For Washington firefighters, practice makes perfect

Published 8:27 pm Tuesday, December 12, 2017

 

Smoke was rising last week from the red building just east of Beaufort County Community College’s main campus. For three days, fires burned and were extinguished. Firefighters on all three shifts of Washington Fire-Rescue-EMS responded to the scene.

They were training for the real thing.

At Washington Fire-Rescue-EMS, 90 percent of the calls that come in are EMS calls, so personnel has plenty of on-the-job experience, according to A-Shift Battalion Chief Johnathan Hardin.

“The other 10 percent are fire calls, and these are the most dangerous to go to,” Hardin said.

Beaufort County is fortunate that not too many fires occur, but that good fortune is also why training in live-fire scenarios is so important, he said. “To be that good at fire, we actually have to do training.

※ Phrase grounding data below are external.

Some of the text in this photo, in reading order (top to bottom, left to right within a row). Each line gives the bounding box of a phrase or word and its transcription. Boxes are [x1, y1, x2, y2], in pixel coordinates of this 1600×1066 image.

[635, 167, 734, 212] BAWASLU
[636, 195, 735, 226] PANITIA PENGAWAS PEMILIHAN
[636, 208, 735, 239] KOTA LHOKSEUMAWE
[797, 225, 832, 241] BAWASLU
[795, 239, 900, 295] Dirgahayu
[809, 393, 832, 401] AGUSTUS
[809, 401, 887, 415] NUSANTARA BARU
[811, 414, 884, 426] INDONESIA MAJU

We have to keep our skills up.”

UPHILL BATTLE: Washington Fire-Rescue-EMS C-Shift firefighter climbs a ladder on his way into the burn facility last Wednesday as A-Shift Battalion Chief Johnathan Hardin looks on. The vent-enter-search drill had firefighters searching out and rescuing a “civilian” in heat and smoke.

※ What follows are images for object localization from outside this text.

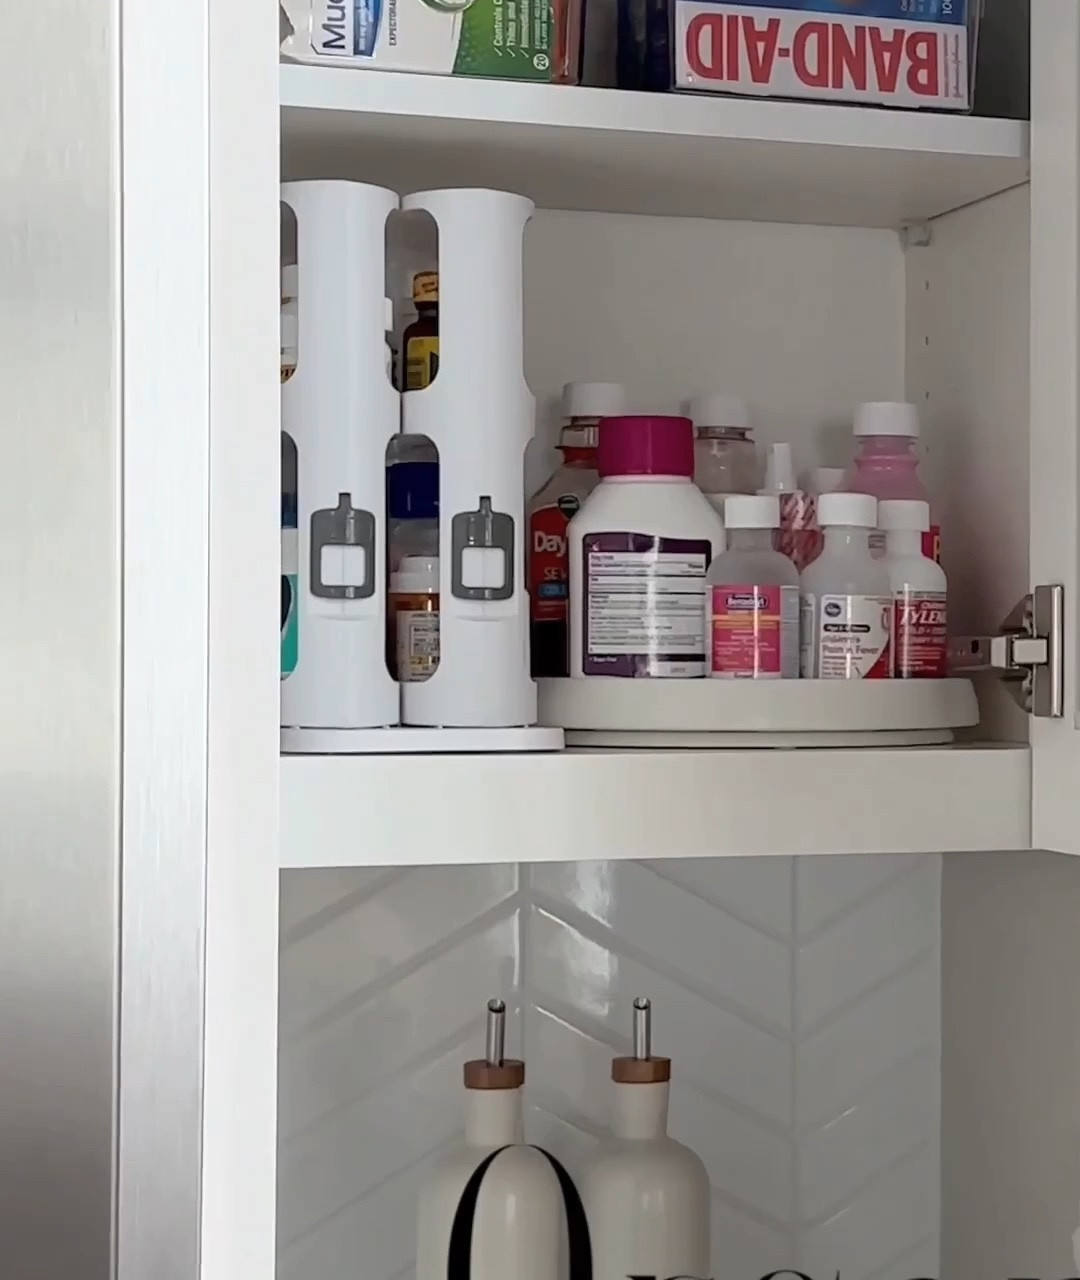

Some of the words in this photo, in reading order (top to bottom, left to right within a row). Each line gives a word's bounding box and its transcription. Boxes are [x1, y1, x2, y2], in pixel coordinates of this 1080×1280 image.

[493, 7, 503, 46] Controls
[536, 55, 547, 68] 20
[686, 12, 939, 96] BAND-AID
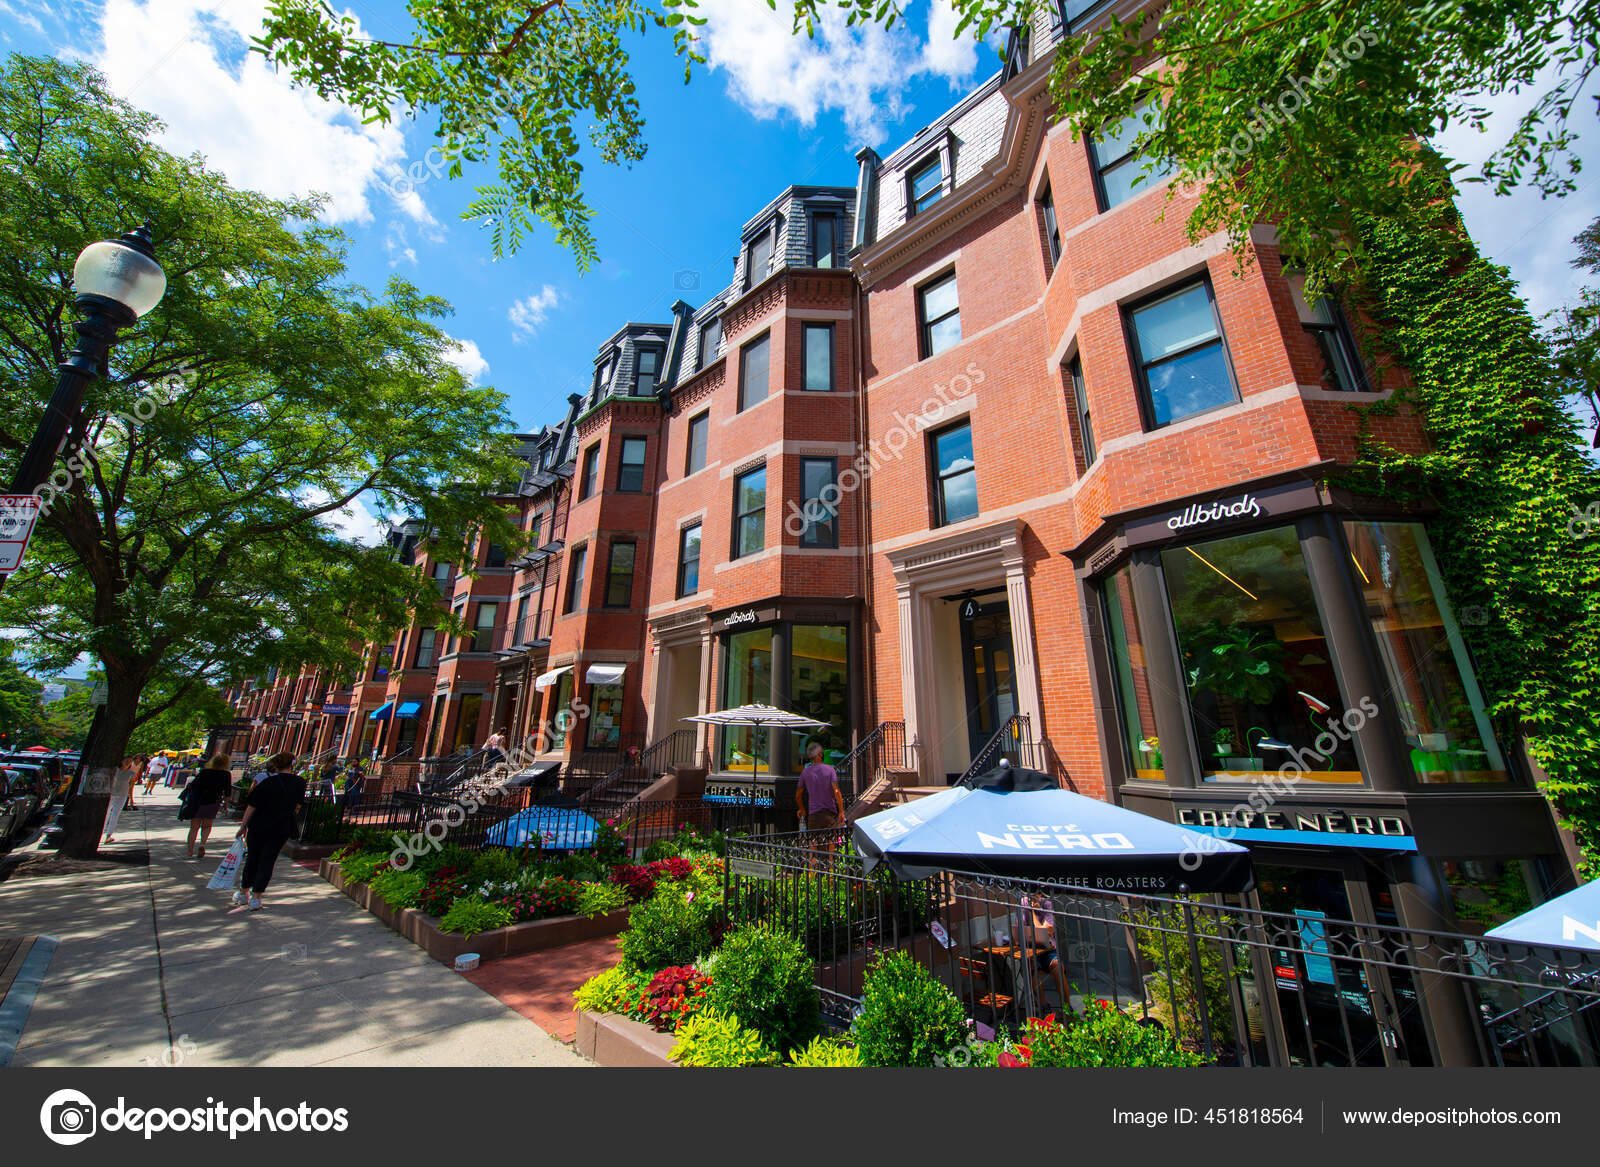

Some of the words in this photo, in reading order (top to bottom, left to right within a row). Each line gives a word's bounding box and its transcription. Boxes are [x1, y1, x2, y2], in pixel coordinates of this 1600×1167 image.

[1167, 494, 1261, 530] allbirds
[724, 609, 755, 625] allbirds
[977, 832, 1135, 849] NERO
[1096, 876, 1166, 888] ROASTERS

While every firefighter has attended fire academy, continuing practice is imperative. Last week, the focus was on three drills: vent-enter-search, forcible entry and May Day drills, in which firefighters are searching for and rescuing another downed firefighter. The vent-enter-search drill, in which teams entered into the smoke-filled facility to search and retrieve a “civilian,” a life-sized dummy, was conducted in a variety of ways: using thermal imagers to identify where the victim was, incorporating ropes as guidelines so a firefighter can find his way out when there’s minimal vision, and left-to-right hand searches, used when the smoke is so thick there’s no vision at all.

“You can’t see your hand in front of your face. You’re literally keeping your hand on the wall in front of you to keep your orientation of the building,” Hardin said. “You don’t want that first time you’re in that environment where you can’t see your hand in front of your face, with the heat and the smoke, (to be) on a call. You want it to be in a training facility.”

Hardin said the big hit of the day was a forcible entry drill with live fire — high heat and low visibility, much like a situation in which a person is trapped by fire behind a locked hotel room door. During the training, Washington EMS Battalion Chief Doug Bissette pointed out a spread of temperature readouts inside the facility as the drills were being performed. Temperatures fluctuated near 250 degrees about three feet from the floor; near 600 degrees, at certain points, closer to the ceiling.

Hardin said having the burn building at BCCC has made a huge difference in the department’s ability to train in real-life scenarios.

“It’s good because years ago we’d be upstairs (simulating training) at the fire department, trying to black out our masks,” Hardin said. “We do a lot of forcible entry here at the station, but this was with smoke.”